Вечером в районном Доме культуры силами местной самодеятельности давали концерт. Айну трижды вызывали на бис.
Она вышла на улицу. Из открытой двери валил щекочущий ноздри табачный дым, доносились бойкие звуки гармони, дробь чечетки. За спиной Айны послышались чьи-то шаги. Она обернулась и узнала сегодняшнего своего знакомца — председателя колхоза «Рассвет» Самсонова.
— Не серчайте на меня,— тихо заговорил председатель. — Не понял я вас, на старых весах взвесил. Сейчас вот послушал, как пели. Хорошо! Песню я, как родимое место, люблю. Вот перед вами девушка пела…
— Катя, моя подруга?
— Должно быть, она. Голос, верно, силен, а не то. Послушал ее и подумал: есть же такие певуньи, слушаешь ее много лет, поет вроде как здорово, тон задает в компании, а покрепче вслушаешься — нет, не поет — кричит: нет родства с тем, что в песне заложено… А вот вы, извините, не красуетесь голосом, поете, видать, что не в полную силу, а слушать много приятнее. А почему? Да потому, что песня —душа. Душа-то у вас, оказывается, чистейший клад, родная, наша, русская.
— Не знаю, как голос, а вот агроном…
— Пустяки… — перебил председатель, — я на этих фокусах и не таких практиков подлавливал. Получится из вас агроном не хуже певицы. Ей-ей, получится. Приезжайте почаще в колхоз, в наше крестьянское дело поглубже заглядывайте. Чему смогу, научу, а вы меня заодно, самоучка я, практик…
— Спасибо, приеду.
— А еще просьба, если, конечно, вас не обидит, в клубе у нас с песней выступить.

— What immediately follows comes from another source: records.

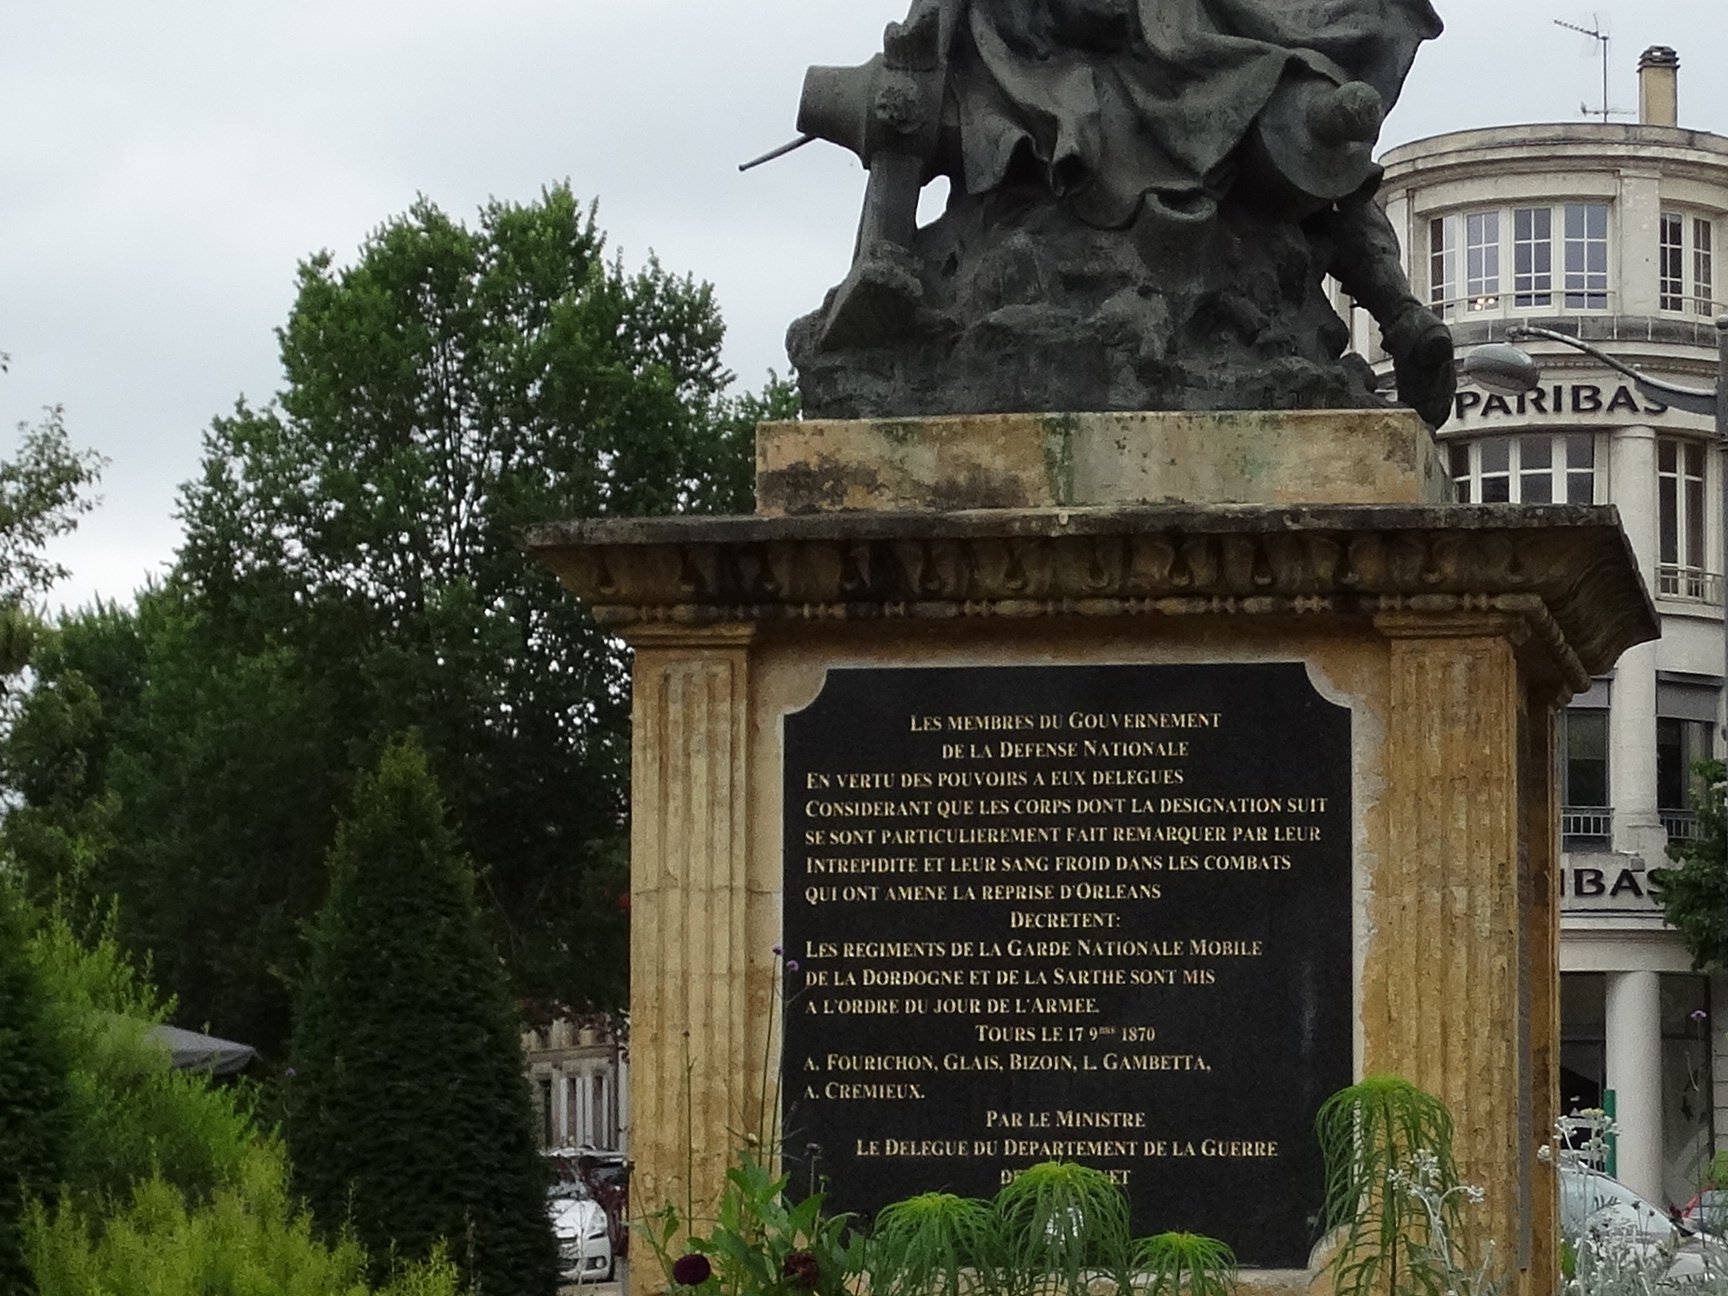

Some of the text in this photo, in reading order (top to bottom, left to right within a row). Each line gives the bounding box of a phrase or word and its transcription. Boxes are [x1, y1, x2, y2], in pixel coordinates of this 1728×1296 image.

[910, 711, 1222, 732] LES MEMBRES DU GOUVERNEMENT
[942, 739, 1189, 760] DE LA DEFENSE NATIONALE
[806, 769, 1184, 790] EN VERTU DES POUVOIRS A EUX DELEGUES
[805, 797, 1328, 819] CONSIDERANT QUE LES CORPS DONT LA DESIGNATION SUIT
[805, 826, 1321, 846] SE SONT PARTICULIEREMENT FAIT REMARQUER PAR LEUR
[806, 854, 1292, 874] INTREPIDITE ET LEUR SANG FROID DANS LES COMBATS
[804, 882, 1162, 906] QUI ONT AMENE LA REPRISE D'ORLEANS
[1010, 911, 1121, 929] DECRETENT:
[805, 938, 1263, 959] LES REGIMENTS DE LA GARDE NATIONALE MOBILE
[805, 967, 1216, 987] DE LA DORDOGNE ET DE LA SARTHE SONT MIS
[805, 1000, 818, 1015] A
[823, 998, 900, 1014] L'ORDRE
[904, 999, 928, 1015] DU
[933, 998, 982, 1014] JOUR
[987, 998, 1010, 1014] DE
[974, 1024, 1036, 1042] TOURS
[1041, 1026, 1063, 1042] LE
[1068, 1026, 1084, 1042] 17
[1121, 1026, 1156, 1042] 1870
[803, 1056, 820, 1071] A.
[827, 1053, 939, 1072] FOURICHON,
[1009, 1053, 1078, 1073] BIZOIN,
[1083, 1055, 1098, 1071] L.
[1102, 1052, 1212, 1072] GAMBETTA,
[804, 1081, 925, 1100] A. CREMIEUX.
[986, 1110, 1146, 1128] PAR LE MINISTRE
[856, 1138, 1278, 1157] LE DELEGUE DU DEPARTEMENT DE LA GUERRE

— Что же, я с удовольствием.
— Задержал вас, иду. Так я, Айна Васильевна, в воскресный денек лошадку пришлю, ладно?
— Хорошо, присылайте. Мы вместе с Катей приедем.
Разговор с председателем вернул Айне надежду, что она еще сможет стать полезной в деревне. И все же прежняя беззаботность покинула девушку, улыбка реже открывала ямочку на левой щеке.